The input —
================

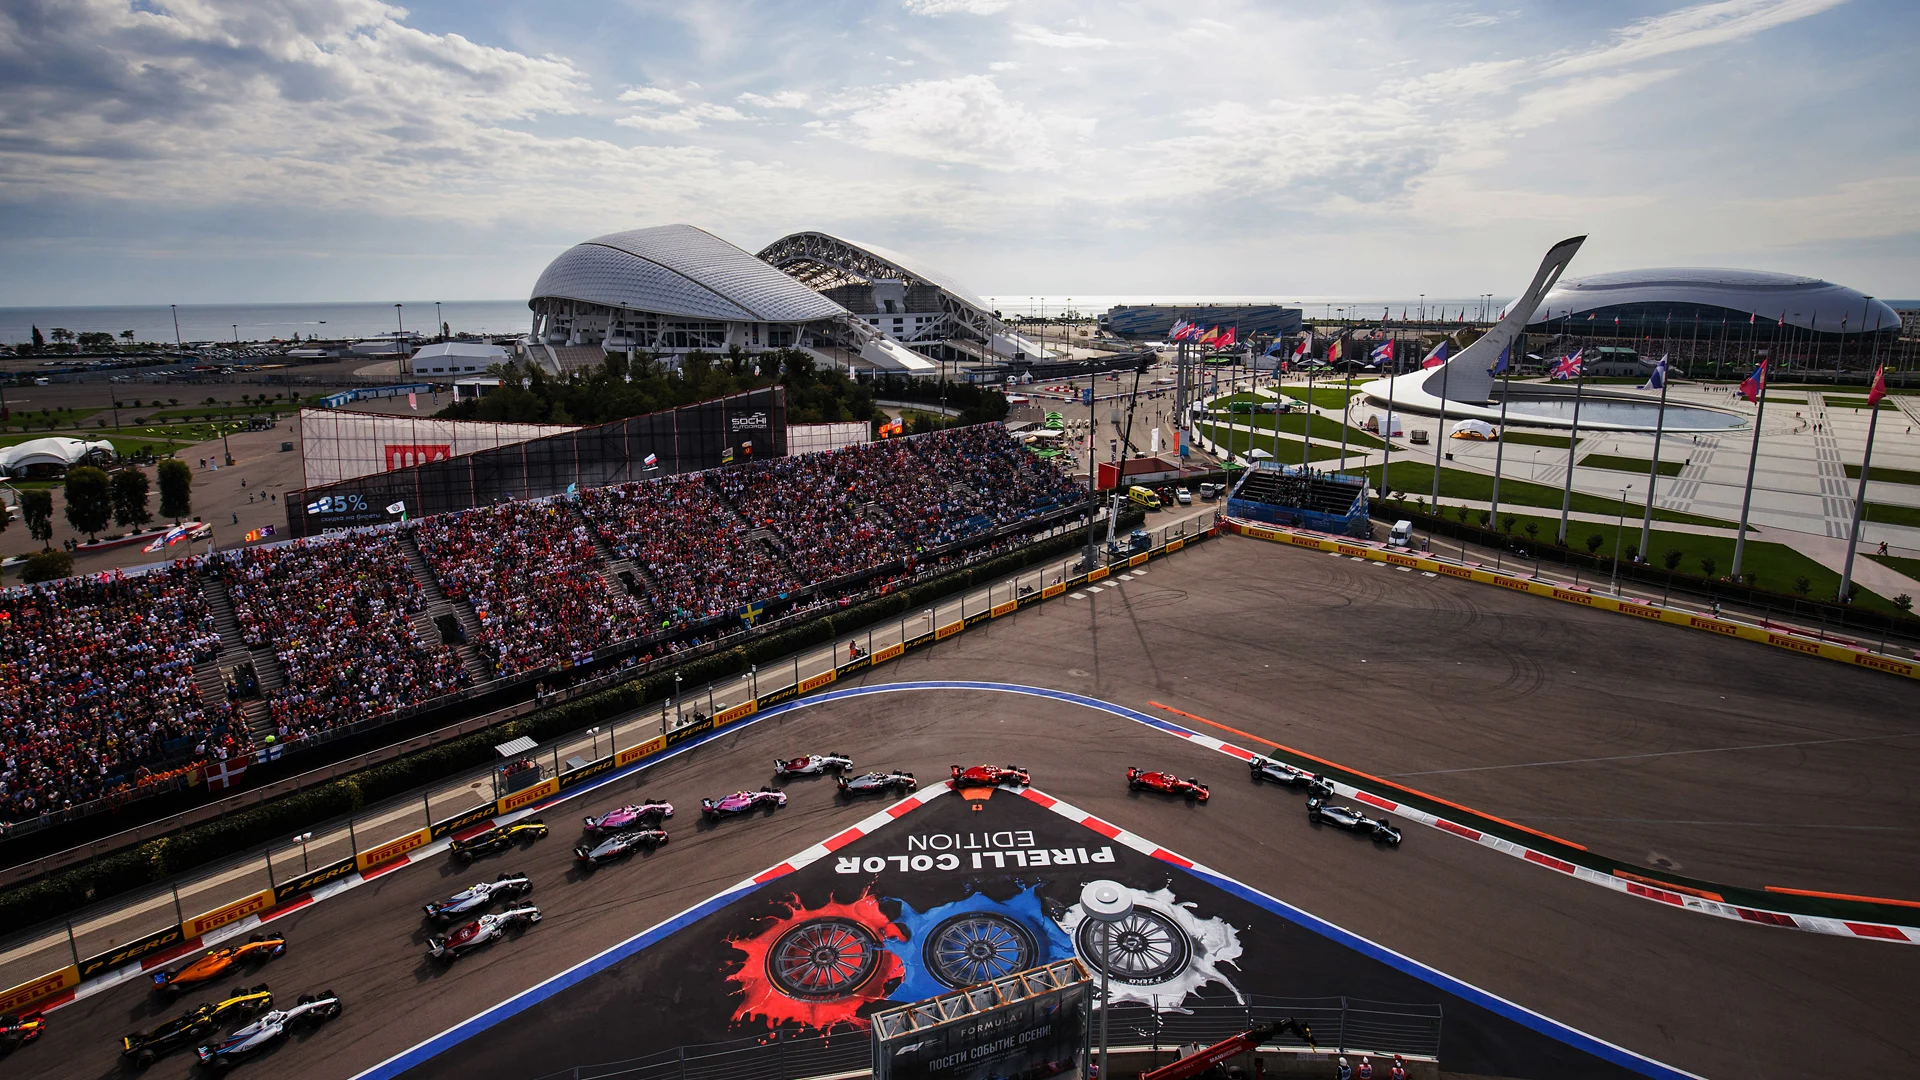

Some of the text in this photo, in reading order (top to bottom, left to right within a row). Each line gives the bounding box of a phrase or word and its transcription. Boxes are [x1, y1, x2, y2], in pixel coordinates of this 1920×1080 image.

[732, 417, 767, 425] SOCHI
[320, 494, 368, 513] 25%
[1249, 529, 1275, 539] PIRELLI
[1292, 536, 1320, 548] PIRELLI
[1338, 545, 1367, 557] PIRELLI
[1386, 554, 1417, 566] PIRELLI
[1090, 569, 1107, 580] PIRELLI
[1439, 565, 1471, 578] PIRELLI
[1044, 585, 1064, 597] PIRELLI
[1493, 577, 1529, 591] PIRELLI
[1553, 589, 1592, 604] PIRELLI
[972, 612, 990, 623] ZERO
[994, 603, 1015, 616] PIRELLI
[1619, 603, 1661, 618] PIRELLI
[939, 623, 961, 638] PIRELLI
[1690, 618, 1737, 634] PIRELLI
[913, 635, 934, 646] ZERO
[1769, 634, 1819, 653] PIRELLI
[876, 646, 900, 662] PIRELLI
[846, 659, 870, 672] ZERO
[1855, 653, 1912, 675] PIRELLI
[803, 673, 832, 691] PIRELLI
[769, 688, 796, 703] ZERO
[718, 704, 752, 723] PIRELLI
[679, 721, 711, 738] ZERO
[622, 740, 660, 763] PIRELLI
[562, 761, 612, 785] P ZERO
[505, 783, 551, 809] PIRELLI
[434, 807, 495, 836] P ZERO
[909, 830, 1035, 850] EDITION
[366, 834, 422, 864] PIRELLI
[834, 846, 1116, 874] PIRELLI COLOR
[279, 863, 354, 897] P ZERO
[194, 895, 264, 933] PIRELLI
[84, 932, 179, 975] P ZERO
[0, 975, 63, 1010] RELLI
[961, 1014, 1017, 1037] FORMULA
[929, 1050, 967, 1072] ПОСЕТИ
[970, 1036, 1015, 1059] СОБЫТИЕ
[1018, 1025, 1051, 1044] ОСЕНИ!
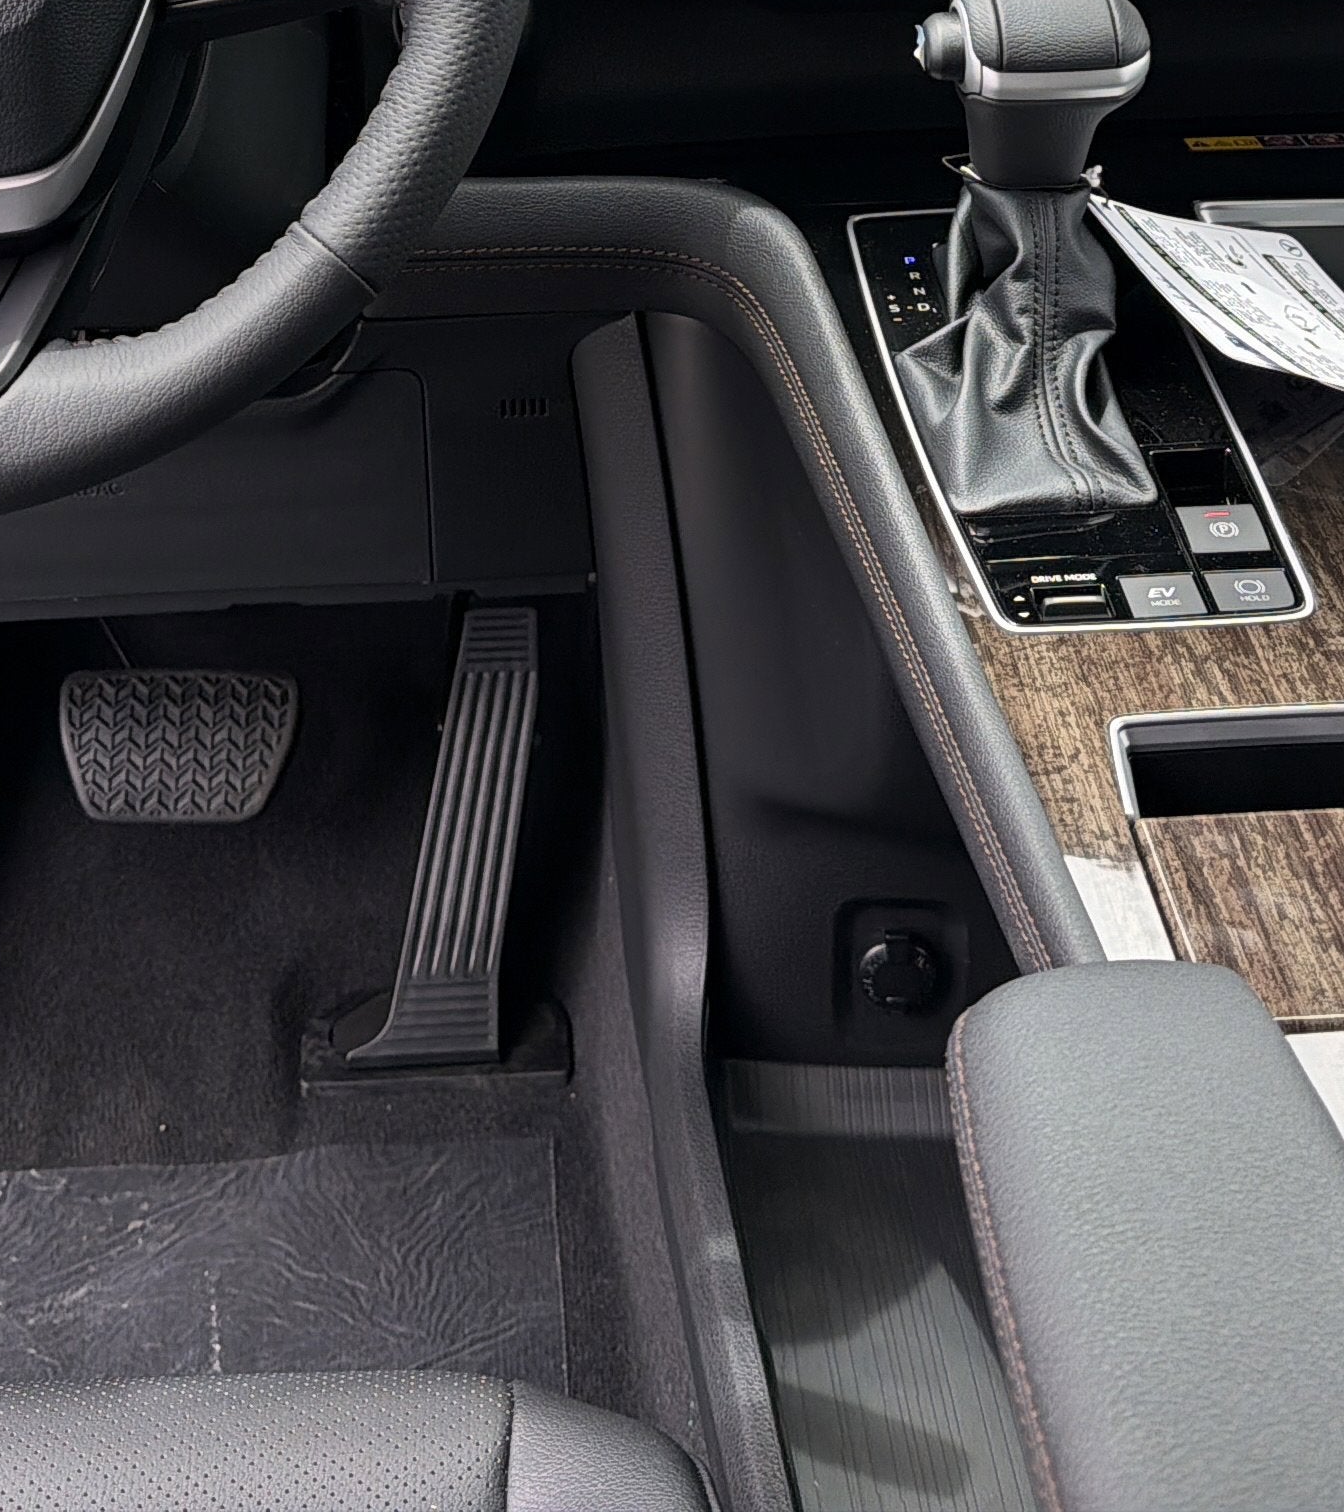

================

Activity — Keep every word of the records exact as you write them out, but drop the pictures.

Exercise response —
Some of the text in this photo, in reading order (top to bottom, left to right within a row). Each line gives the bounding box of a phrase or word and its transcription. Boxes are [x1, y1, x2, y2], in pixel coordinates of this 1920×1080 image.

[732, 417, 767, 425] SOCHI
[320, 494, 368, 513] 25%
[1249, 529, 1275, 539] PIRELLI
[1292, 536, 1320, 548] PIRELLI
[1338, 545, 1367, 557] PIRELLI
[1386, 554, 1417, 566] PIRELLI
[1090, 569, 1107, 580] PIRELLI
[1439, 565, 1471, 578] PIRELLI
[1044, 585, 1064, 597] PIRELLI
[1493, 577, 1529, 591] PIRELLI
[1553, 589, 1592, 604] PIRELLI
[972, 612, 990, 623] ZERO
[994, 603, 1015, 616] PIRELLI
[1619, 603, 1661, 618] PIRELLI
[939, 623, 961, 638] PIRELLI
[1690, 618, 1737, 634] PIRELLI
[913, 635, 934, 646] ZERO
[1769, 634, 1819, 653] PIRELLI
[876, 646, 900, 662] PIRELLI
[846, 659, 870, 672] ZERO
[1855, 653, 1912, 675] PIRELLI
[803, 673, 832, 691] PIRELLI
[769, 688, 796, 703] ZERO
[718, 704, 752, 723] PIRELLI
[679, 721, 711, 738] ZERO
[622, 740, 660, 763] PIRELLI
[562, 761, 612, 785] P ZERO
[505, 783, 551, 809] PIRELLI
[434, 807, 495, 836] P ZERO
[909, 830, 1035, 850] EDITION
[366, 834, 422, 864] PIRELLI
[834, 846, 1116, 874] PIRELLI COLOR
[279, 863, 354, 897] P ZERO
[194, 895, 264, 933] PIRELLI
[84, 932, 179, 975] P ZERO
[0, 975, 63, 1010] RELLI
[961, 1014, 1017, 1037] FORMULA
[929, 1050, 967, 1072] ПОСЕТИ
[970, 1036, 1015, 1059] СОБЫТИЕ
[1018, 1025, 1051, 1044] ОСЕНИ!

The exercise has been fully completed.